Almost every day there is a report in one country or another (understandably more often in the developed world) where millions of people’s information, both personal and financial, has been stolen from servers you would never, even in a 100 years, think could have been breached.
And so, you have to ask yourself (especially if you own a business website): What exactly are the major security concerns we face in web hosting today?
Well, here’s a list:
Passwords
Yes, as trivial as it may seem, one of the weakest links in online security lies in weak passwords. Apart from sheer common sense it can’t be emphasized enough that a secure password, although not guaranteeing 100% security, will make life difficult for would-be hackers.
Practices like sharing passwords, using common passwords (“password”, “12345678”, “qwerty”, etc.) and not keeping them in secure places lead to online attacks. And to be honest, it’s asking for it.
Opting for Windows Instead of Linux Hosting
Microsoft has been defending its operating systems’ security for years. Quite frankly, when properly used and all the security features are put in place, their operating systems are a joy to use.
But, the fact that Microsoft’s products dominate the global market has made the host servers the target of hackers and malware attacks.
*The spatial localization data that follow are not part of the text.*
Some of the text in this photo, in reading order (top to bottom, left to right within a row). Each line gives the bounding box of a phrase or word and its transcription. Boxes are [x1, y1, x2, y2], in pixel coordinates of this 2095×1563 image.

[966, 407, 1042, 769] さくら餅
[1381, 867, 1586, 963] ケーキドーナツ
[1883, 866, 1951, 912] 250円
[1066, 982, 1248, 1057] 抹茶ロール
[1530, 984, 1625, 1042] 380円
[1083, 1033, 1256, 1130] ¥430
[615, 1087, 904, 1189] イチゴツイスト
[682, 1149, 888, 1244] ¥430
After all it is a bigger and, hence, a more tempting bulls eye.
Linux servers, on the other hand, are targeted by much fewer malware and more importantly very, very few of them have ever been breached. For now, Linux servers can afford to be smug.
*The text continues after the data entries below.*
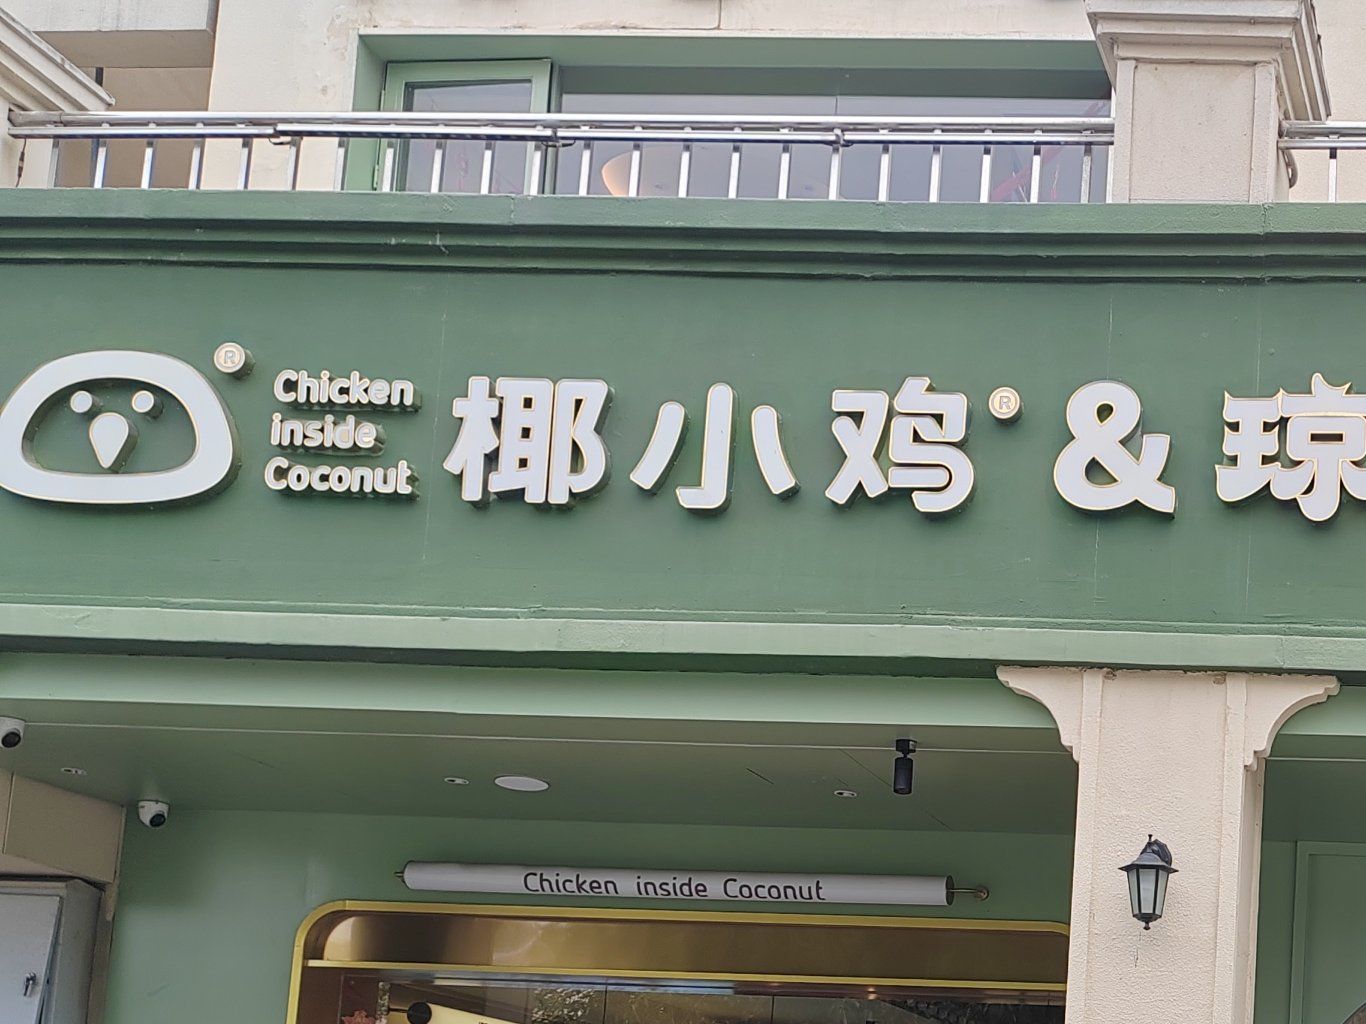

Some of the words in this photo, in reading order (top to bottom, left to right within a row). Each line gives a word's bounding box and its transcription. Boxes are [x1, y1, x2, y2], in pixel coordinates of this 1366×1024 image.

[273, 370, 414, 407] Chicken
[271, 412, 377, 449] inside
[1053, 379, 1176, 516] &
[264, 456, 413, 495] Coconut
[523, 872, 618, 895] Chicken
[636, 875, 708, 898] inside
[723, 878, 826, 902] Coconut
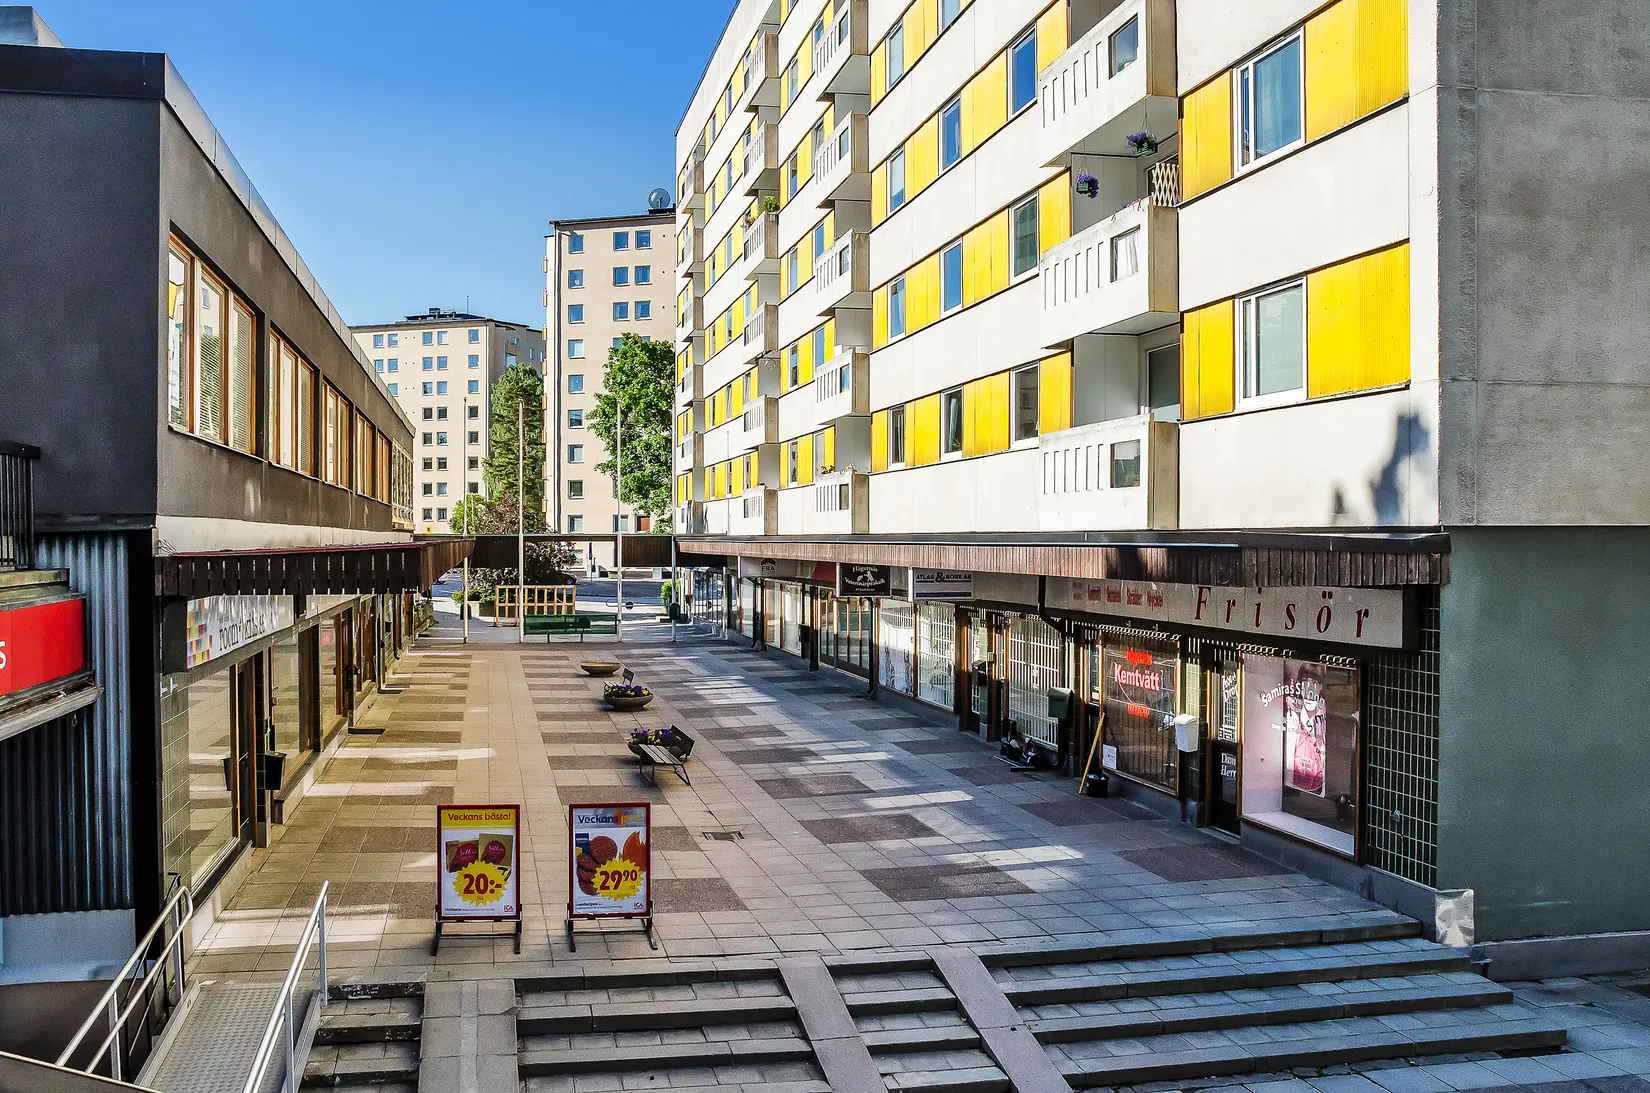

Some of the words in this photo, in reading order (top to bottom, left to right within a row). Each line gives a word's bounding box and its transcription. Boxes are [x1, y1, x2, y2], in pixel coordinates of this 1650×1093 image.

Lax Client Access Monitoring
Shared hosting is one of the most often used choices of web hosting because it is the more affordable option. Personal and small business websites are almost always hosted using shared hosting packages.
Now, unless the hosting provider is very careful with the access it grants its clients, there is a very high chance of their running programs that can cause the downing of their allocated servers by using Perl, PHP and shell accounts to run Denial of Service (DoS) attacks.
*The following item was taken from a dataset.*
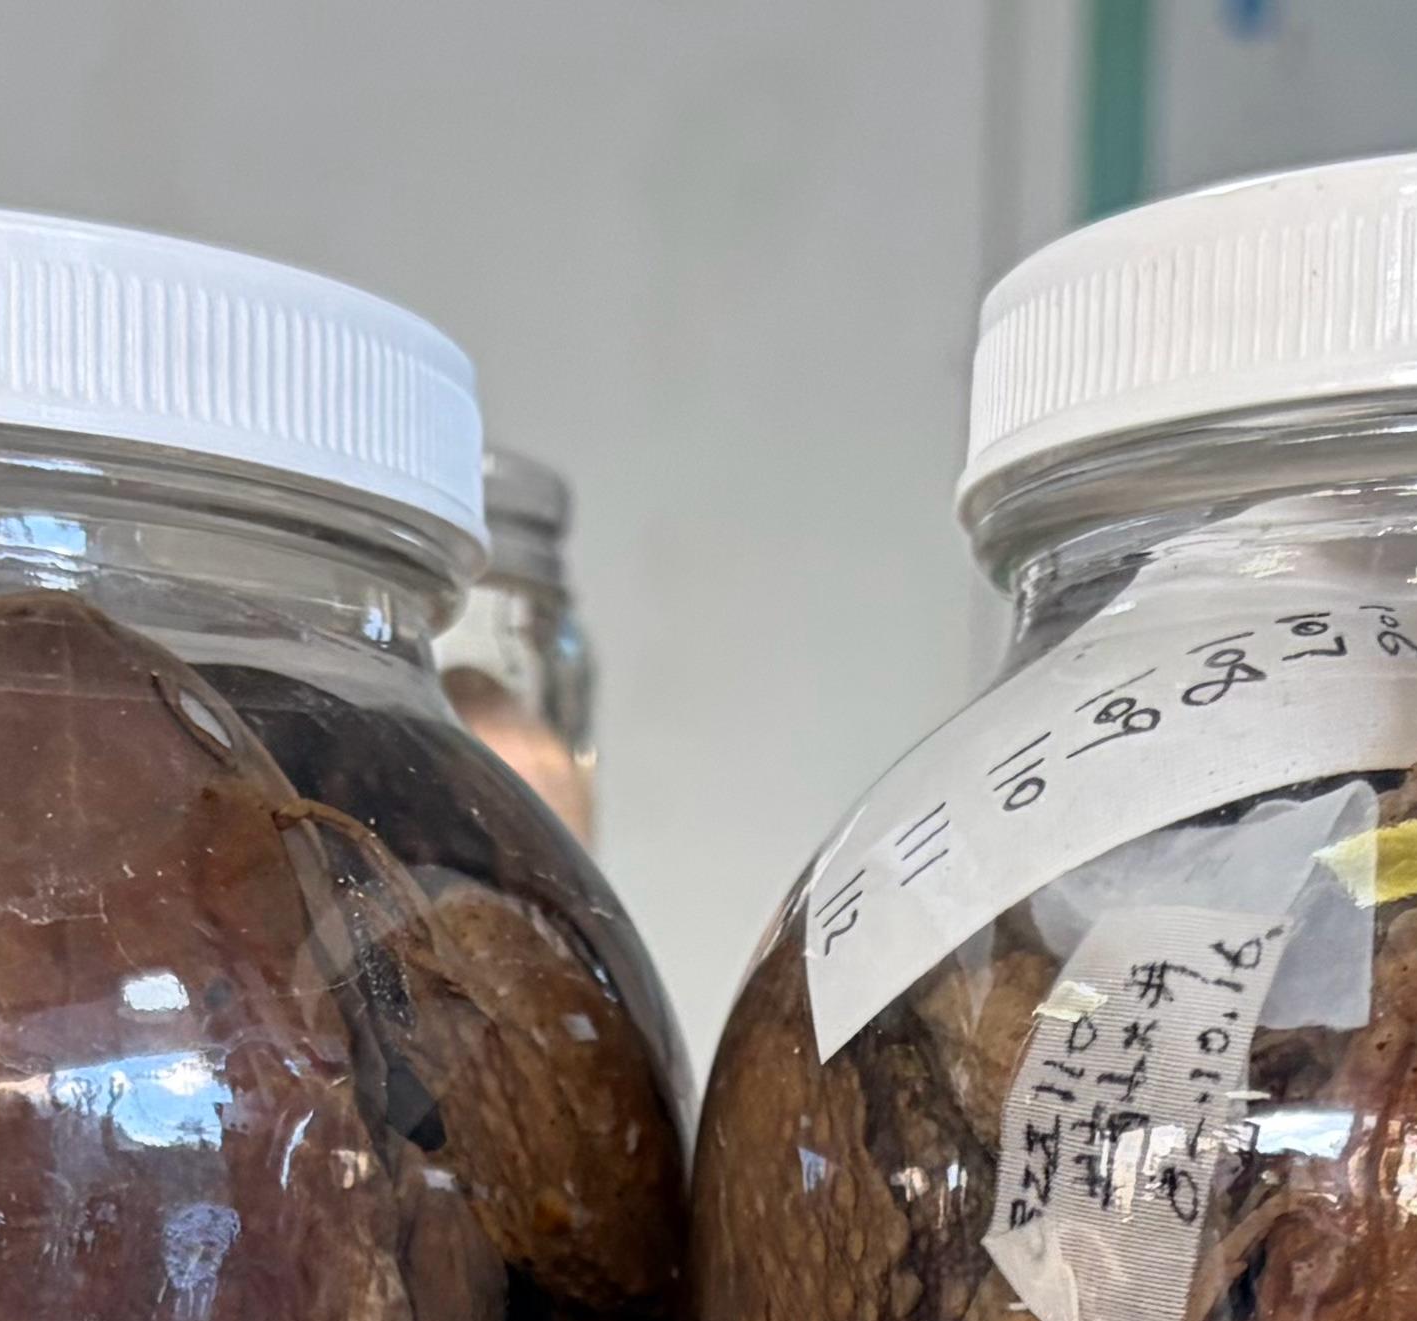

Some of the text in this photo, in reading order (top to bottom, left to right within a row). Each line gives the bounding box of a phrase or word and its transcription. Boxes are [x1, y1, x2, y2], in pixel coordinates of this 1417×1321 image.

Of course, whether or not the attacks are accidental or intentional is besides the points.
The Curse of a Shared IP Address
Another shortfall of sharing an IP address with a neighboring website (as is the case in shared hosting where multiple websites reside on one server) is that what happens to one site, happens to all.
If the IP address is attacked from outside, all the websites run the risk of being targets and victims. One website being blocked for spamming or being blacklisted for malpractice means all sites with that same IP address bear the brunt.
This can be a serious threat to a website that needs to project a “clean” image; an ecommerce site being a good example. No one would want to do business with a website that has been blacklisted or blocked.
Weakness in One Website Being a Weakness in All
A website without the necessary security features can allow hackers to get into the server and then cross over to other neighboring websites on a shared server. Similarly, a virus or Trojan that manages to get on the server through one website can lead to the compromise of all sites on the server.
Handing Data Over to Third Parties
As cloud computing becomes the preferred form of web hosting there is no denying the fact that it is a matter of trust that governs overall.
Website owners, and especially businesses, are entrusting the security and management of their data to third parties – the hosting providers. As secure as the data may be (via encryption, for example) there will always be some guy “over there” that will have access to it. His or her integrity will define how secure the business’ data is – a sobering thought if you happen to have very valuable data that someone would really love to access.
Cluelessness about Defense in the Cloud
Cloud computing is in its infancy and it is still growing and adapting. Smelling blood, hackers have been hard at work. In 2014, there was an increase in the number of attacks that were specifically focused on mining critical personal and financial data. This resulted in companies, big and small, losing billions of dollars and, more importantly, taking a huge hit in their customer confidence.
As more and more devices get connected to the internet, the weak points and the necessary steps and procedures that are required to keep them protected are still being figured out. In the case of the Internet of Things, a grand scheme of bringing various devices together, for example, the number of unknowns and weak points increases exponentially. Many of the attacks mentioned above were focused on end-point devices like cash registers, POS terminals and personal computers.
In the long run, securing these endpoints will be integral in keeping the cloud, as a whole, secure.